DATED 8 MAY 2026
CGM B.V.
as the Purchaser
and

CRONOS GROUP INC.
as the Guarantor

and
"RING" INTERNATIONAL HOLDING AG
LANDEWYCK TOBACCO S.A.
as the Sellers
AGREEMENT TO AMEND
THE SHARE PURCHASE AGREEMENT DATED 9 DECEMBER 2025





THIS AMENDMENT AGREEMENT IS MADE ON 8 MAY 2026,
BETWEEN
(1)CGM B.V., a company incorporated under the laws of the Netherlands with its corporate seat in Amsterdam, the Netherlands, and registered with the trade register of the Dutch Chamber of Commerce under number 99005948 (the "Purchaser");

(2)CRONOS GROUP INC., a company incorporated under the laws of British Columbia, with its registered office is at 1133 Melville Street, Suite 3500, The Stack, Vancouver, BC V6E 4E5, registered under number C1256453 ("Guarantor");

(3)"RING" INTERNATIONAL HOLDING AG, a company incorporated under the laws of Austria with its corporate seat in Vienna, Austria, registered with the Austrian commercial register under number FN 225112 y ("Ring"); and

(4)LANDEWYCK TOBACCO S.A., a company incorporated under the laws of Luxembourg with its corporate seat in Luxembourg, Luxembourg, registered with the Luxembourg register of trade and companies under number B 174692 ("Landewyck").

The parties under (3) and (4) above are collectively referred to as the "
Sellers" and individually as a "Seller". The above parties to this Agreement are collectively referred to as the "Parties" and individually as a "Party".
RECITALS:
(A)On 9 December 2025, the Parties entered into a share sale and purchase agreement (the "SPA") pursuant to which the Purchaser agreed to purchase from the Sellers all shares in the capital of CanAdelaar B.V., a company incorporated under the laws of the Netherlands with its corporate seat in Hellevoetsluis, the Netherlands, registered with the trade register of the Chamber of Commerce under number 73034401 (the "Company") (the "Transaction"). The Guarantor has guaranteed the due and punctual performance of any other obligations by the Purchaser under the SPA.

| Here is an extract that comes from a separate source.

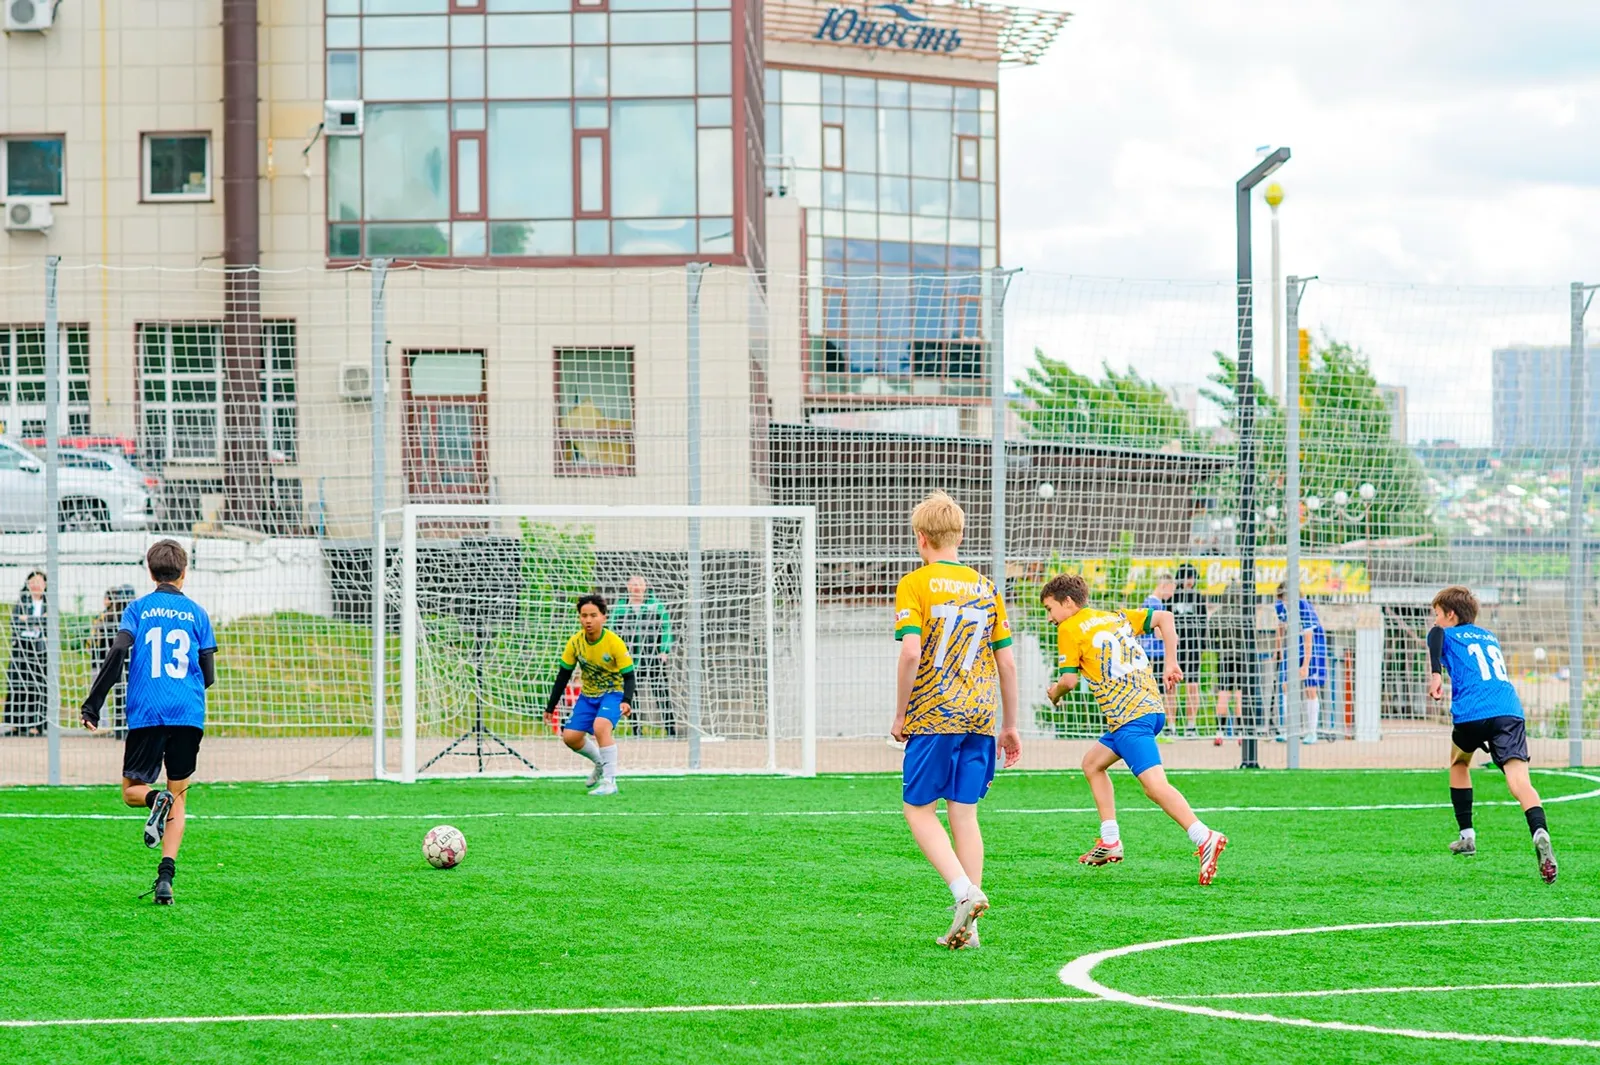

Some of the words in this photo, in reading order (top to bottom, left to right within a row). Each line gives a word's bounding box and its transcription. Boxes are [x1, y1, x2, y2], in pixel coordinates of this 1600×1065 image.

[813, 7, 963, 52] Юность
[145, 626, 191, 680] 13
[931, 604, 988, 672] 77
[1467, 642, 1509, 683] 18

(B)The Parties have determined that the Regulatory Conditions (as defined in the SPA) will not, or are unlikely to, be satisfied prior to the expiry of the Long Stop Date (as defined in the SPA), being 9 June 2026. As Parties nevertheless wish to proceed with the Transaction on the terms and conditions as set out in the SPA, they wish to amend the SPA in accordance with this amendment agreement (the "Amendment Agreement").
IT IS THEREFORE AGREED:
1.DEFINITIONS AND INTERPRETATION
1.1Capitalised words used but not defined in this Amendment Agreement shall have the meanings ascribed to them in the SPA.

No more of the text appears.